La liturgia enseña a rezar. Los gestos, las palabras, y también los silencios de la misa, custodiados por la Iglesia a través de los siglos, son, de hecho, una verdadera y auténtica «escuela de oración» para cada cristiano. Lo subrayó el Papa Francisco en la audiencia general del miércoles 10 de enero durante la cual, en el Aula Pablo VI, continuó las catequesis sobre la importancia de la celebración eucarística, deteniéndose de manera particular en el himno Gloria y en la oración colecta.

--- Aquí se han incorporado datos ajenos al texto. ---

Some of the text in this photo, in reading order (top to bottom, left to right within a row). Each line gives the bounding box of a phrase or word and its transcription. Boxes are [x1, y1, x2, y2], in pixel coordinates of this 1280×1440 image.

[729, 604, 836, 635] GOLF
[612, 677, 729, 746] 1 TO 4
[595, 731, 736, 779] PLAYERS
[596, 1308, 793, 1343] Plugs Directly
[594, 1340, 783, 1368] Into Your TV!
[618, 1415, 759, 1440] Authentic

Respecto al «alegre anuncio del abrazo entre cielo y tierra» expresado en el Gloria -eco del «canto de los ángeles en el nacimiento de Jesús»- Francisco explicó que se trata de una verdadera y auténtica explosión de «gratitud». La cual, después del acto penitencial, brota «del encuentro entre la miseria humana y la misericordia divina».

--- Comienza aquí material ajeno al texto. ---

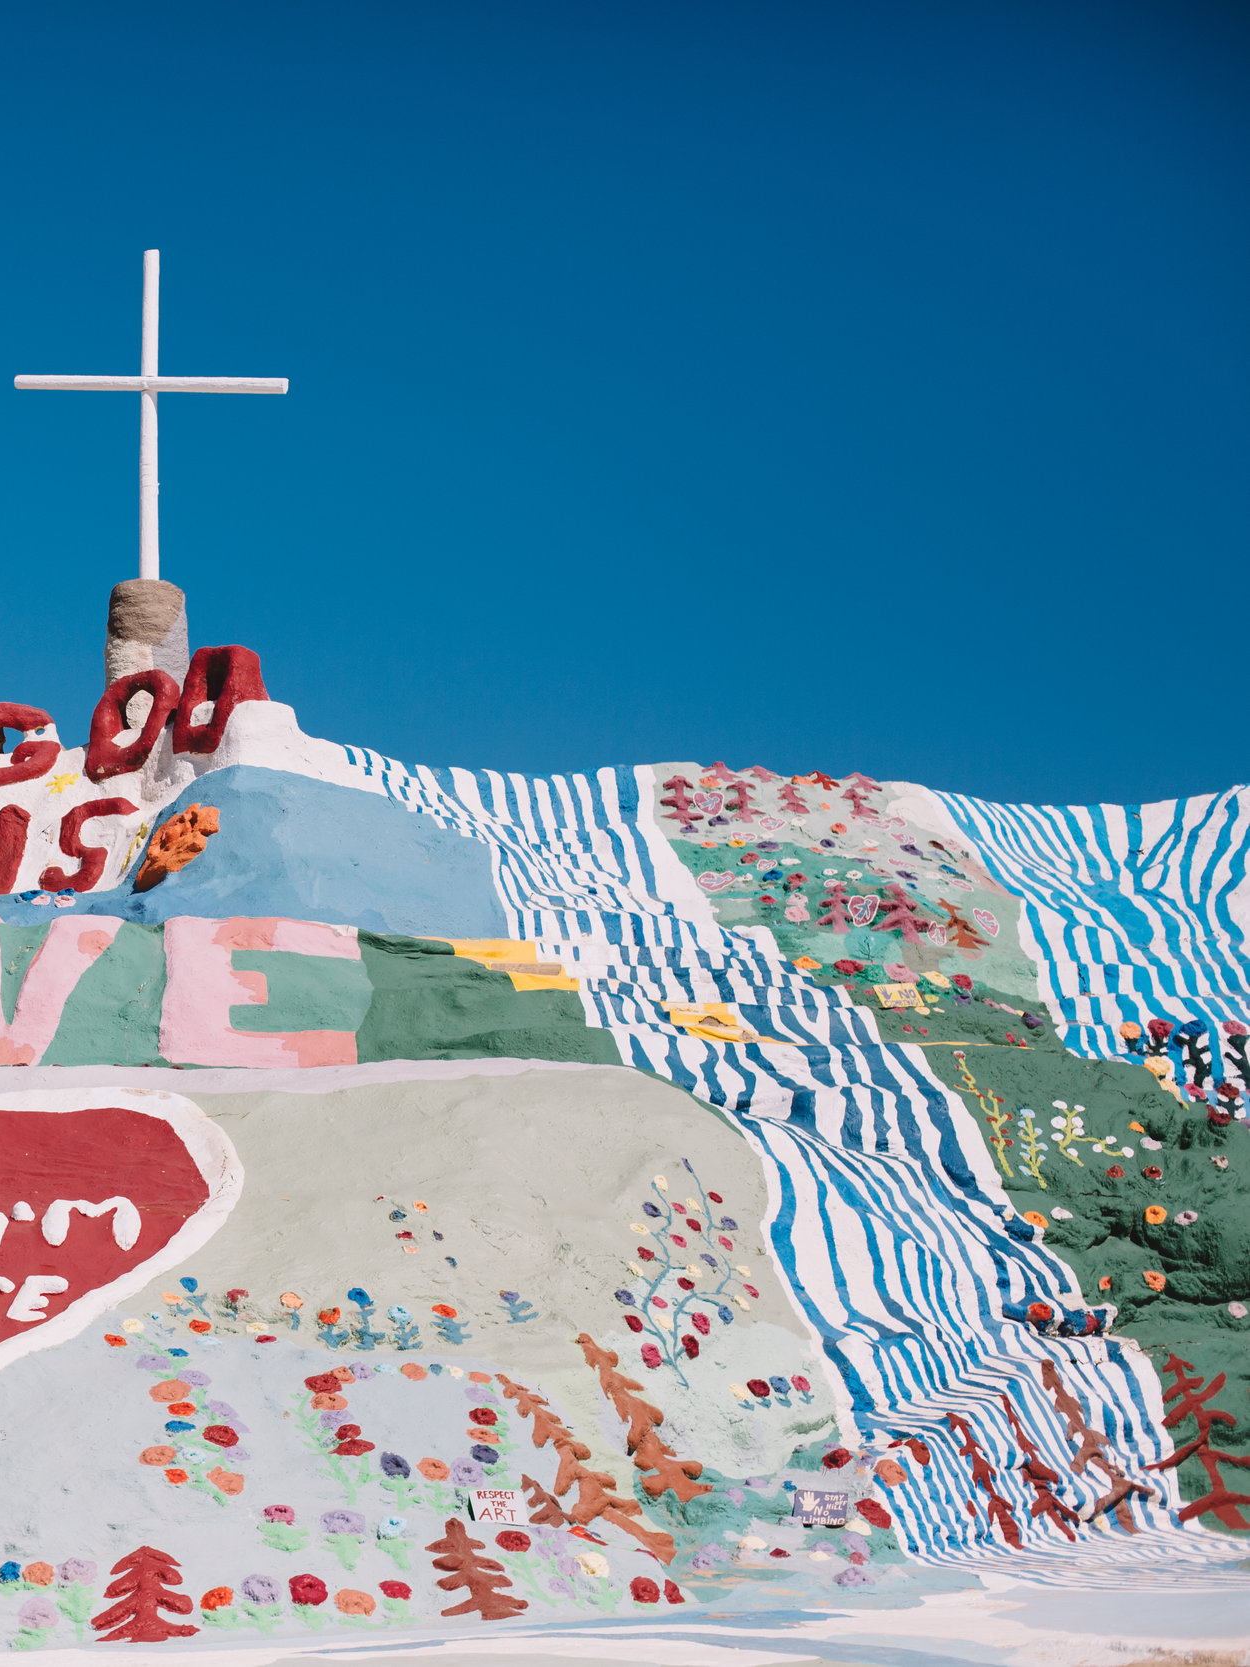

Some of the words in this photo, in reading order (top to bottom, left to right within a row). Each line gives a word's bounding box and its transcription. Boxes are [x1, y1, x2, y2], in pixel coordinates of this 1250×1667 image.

[897, 989, 916, 999] NO
[476, 1490, 514, 1499] RESPECT
[478, 1507, 516, 1521] ART

Pero es sobre la oración sucesiva, la oración «denominada “colecta”», que el Papa habló durante más tiempo, añadiendo, como habitualmente, algunos consejos prácticos con el fin de que cada fiel pueda vivir con plenitud el misterio eucarístico. Esto, puntualizó, en pocas líneas sintetiza «el carácter propio de la celebración» y hace, «de hecho la “colecta” de las intenciones de la misa. La liturgia, de hecho, no está nunca separada de la vida cotidiana: «Tal vez -dijo el Pontífice- venimos de días de cansancio, de alegría, de dolor, y queremos decírselo al Señor, invocar su ayuda». Y la colecta, observó Francisco, prevé un «momento de silencio» que hay que respetar completamente. De hecho, «el silencio ayuda a recogerse en nosotros mismos y a pensar en por qué estamos allí», para « escuchar nuestro ánimo para abrirlo después al Señor». Tiempo breve, pero valioso, durante el que los sacerdotes -como recomendó «vivamente» el Pontífice -no veden«ir deprisa», porque de otra manera «corremos el riesgo de descuidar el recogimiento del alma».

Por el resto, a la«escuela» de la liturgia, el cristiano aprende que «el silencio no se reduce a la ausencia de palabras»; al contrario,«a la disposición a escuchar otras voces: la de nuestro corazón y, sobre todo, la voz del Espíritu Santo».